(GIVEN INFORMATION begins)

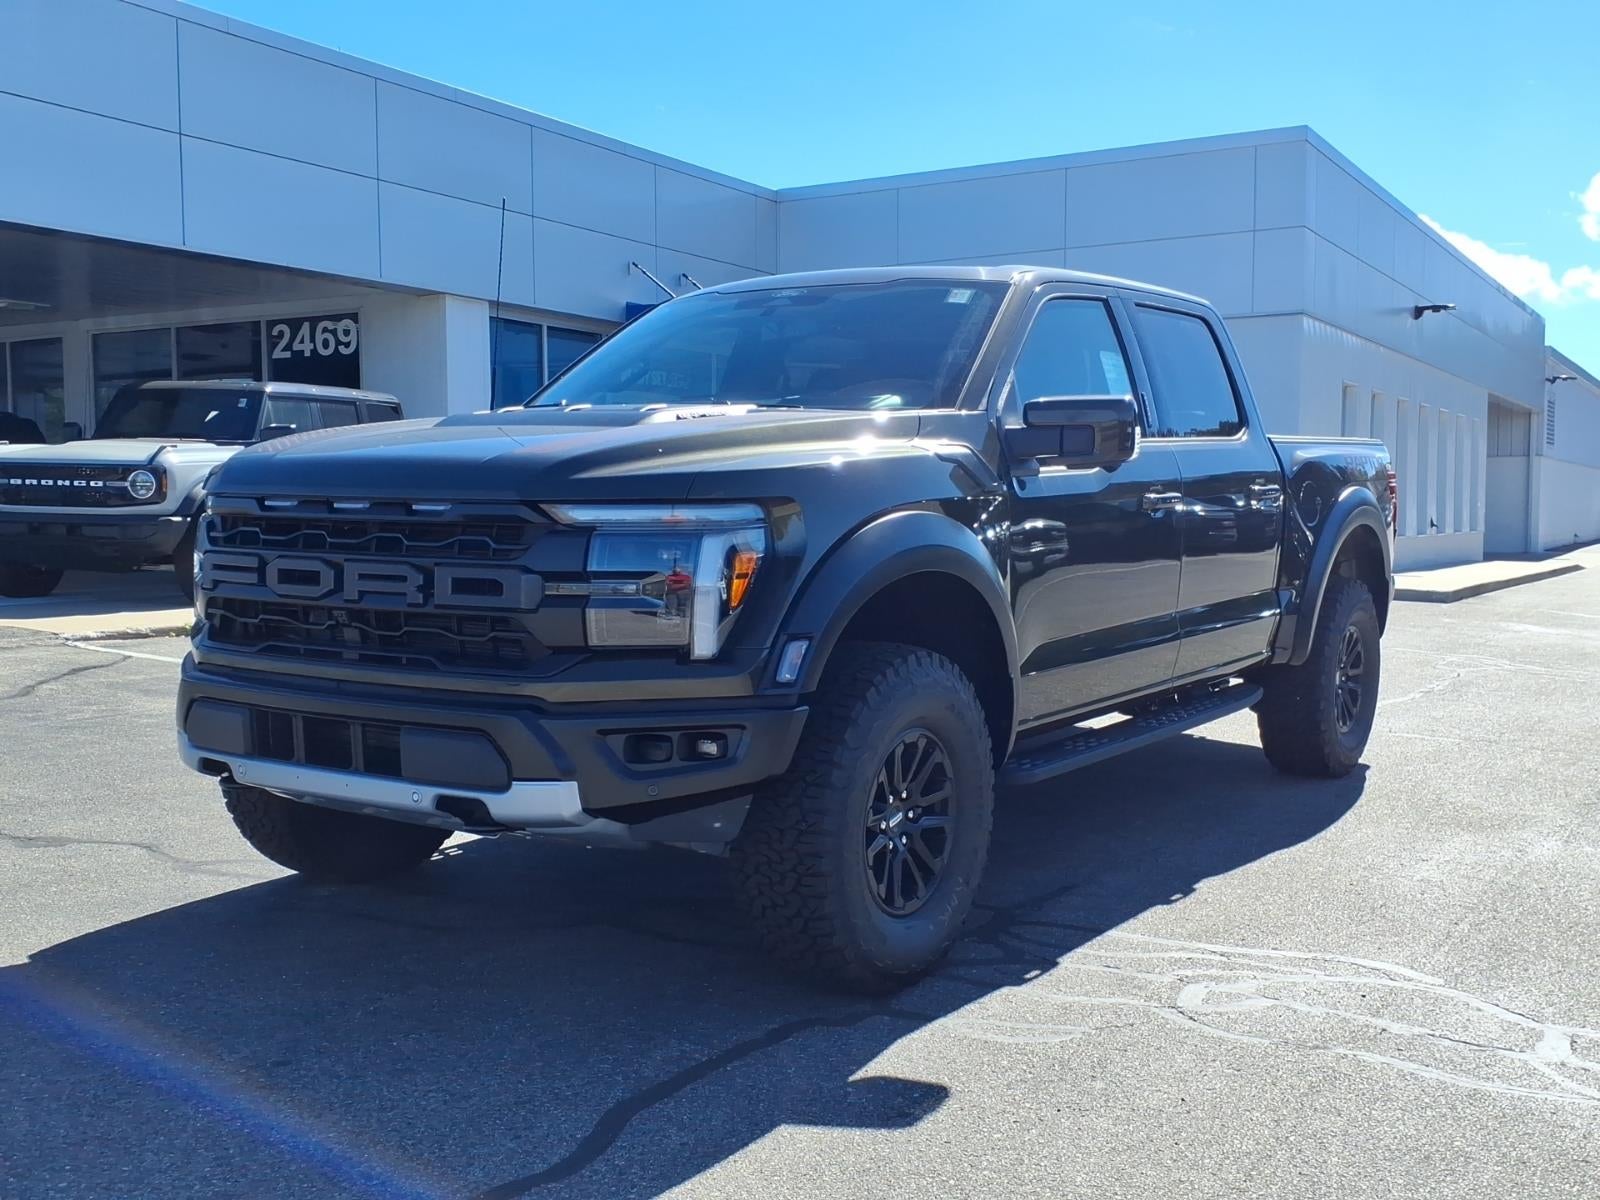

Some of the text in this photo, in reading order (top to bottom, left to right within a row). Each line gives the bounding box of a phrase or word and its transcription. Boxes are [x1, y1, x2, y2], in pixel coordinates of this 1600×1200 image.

[271, 319, 358, 359] 2469
[9, 478, 104, 487] BRONCO
[200, 552, 543, 610] FORD
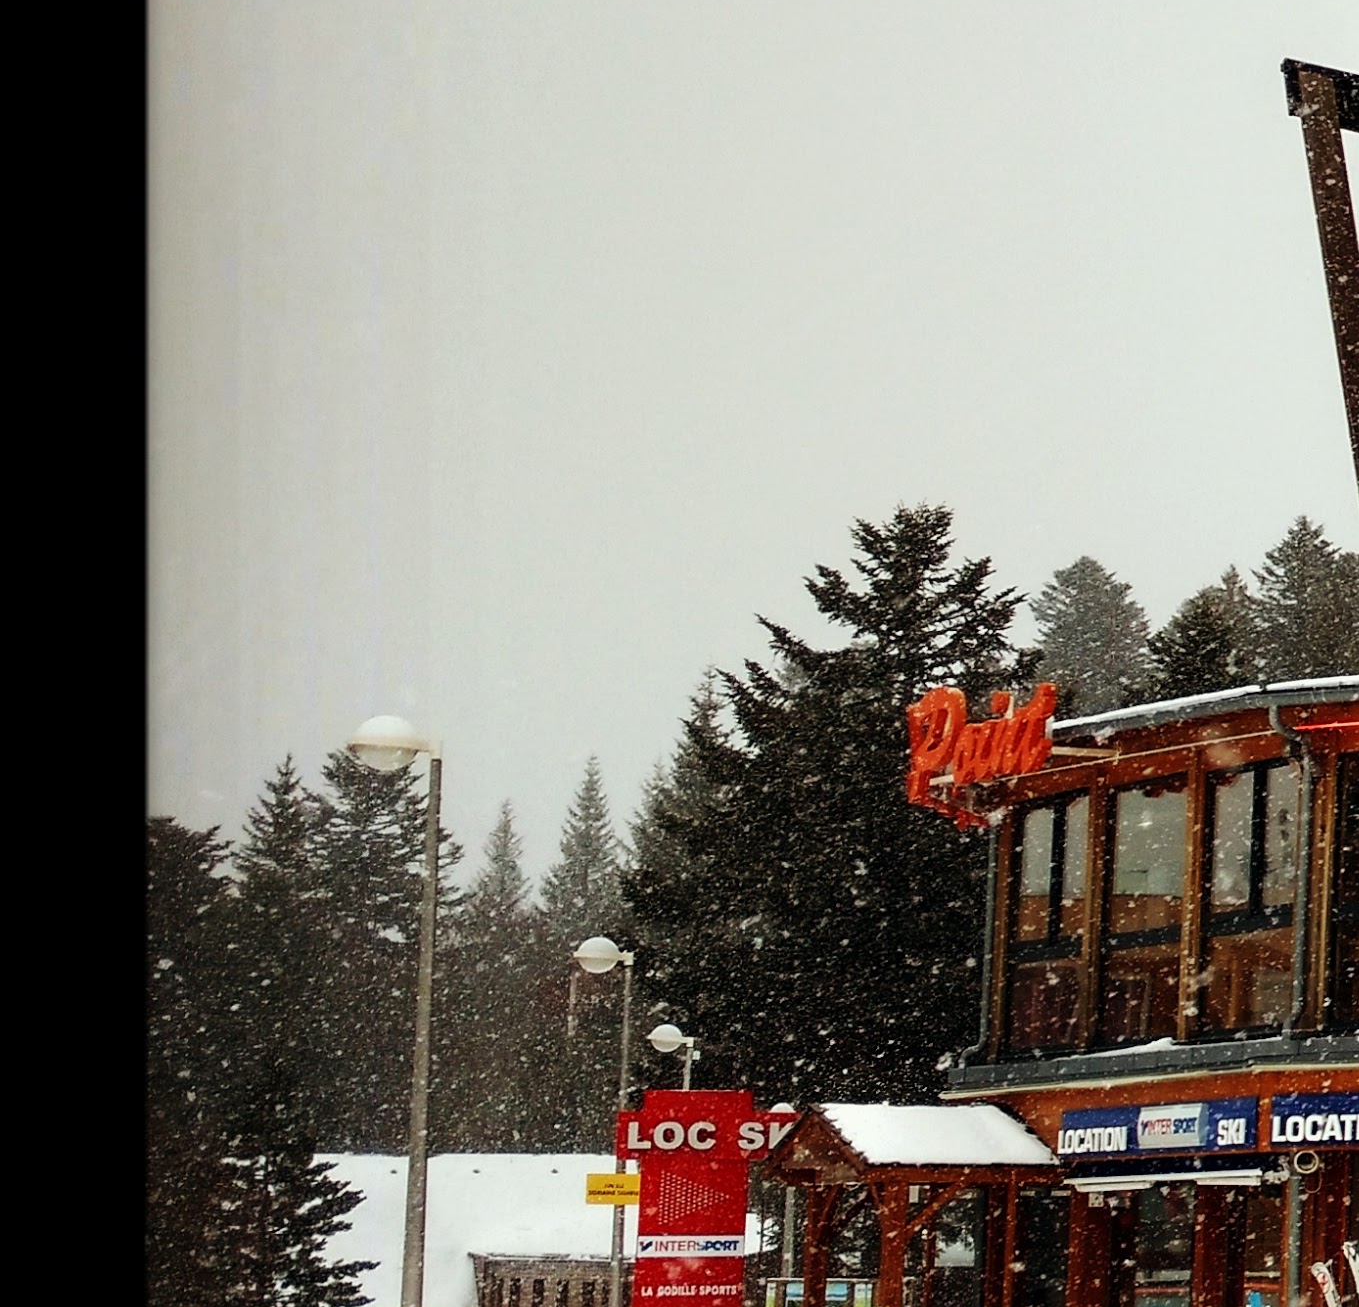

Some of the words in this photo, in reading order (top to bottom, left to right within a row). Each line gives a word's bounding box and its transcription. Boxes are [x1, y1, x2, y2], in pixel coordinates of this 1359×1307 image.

[627, 1120, 717, 1150] LOC
[737, 1120, 796, 1150] SK
[1057, 1126, 1128, 1155] LOCATION
[1216, 1118, 1247, 1147] SKI
[641, 1285, 653, 1297] LA
[699, 1284, 738, 1296] SPORTS

(GIVEN INFORMATION ends)

YOUR OBJECTIVE:
The data above are to be repeated word for word, with any pictures left out.

YOUR RESPONSE:
Some of the text in this photo, in reading order (top to bottom, left to right within a row). Each line gives the bounding box of a phrase or word and its transcription. Boxes are [x1, y1, x2, y2], in pixel coordinates of this 1600×1200 image.

[271, 319, 358, 359] 2469
[9, 478, 104, 487] BRONCO
[200, 552, 543, 610] FORD

Some of the words in this photo, in reading order (top to bottom, left to right within a row). Each line gives a word's bounding box and its transcription. Boxes are [x1, y1, x2, y2], in pixel coordinates of this 1359×1307 image.

[627, 1120, 717, 1150] LOC
[737, 1120, 796, 1150] SK
[1057, 1126, 1128, 1155] LOCATION
[1216, 1118, 1247, 1147] SKI
[641, 1285, 653, 1297] LA
[699, 1284, 738, 1296] SPORTS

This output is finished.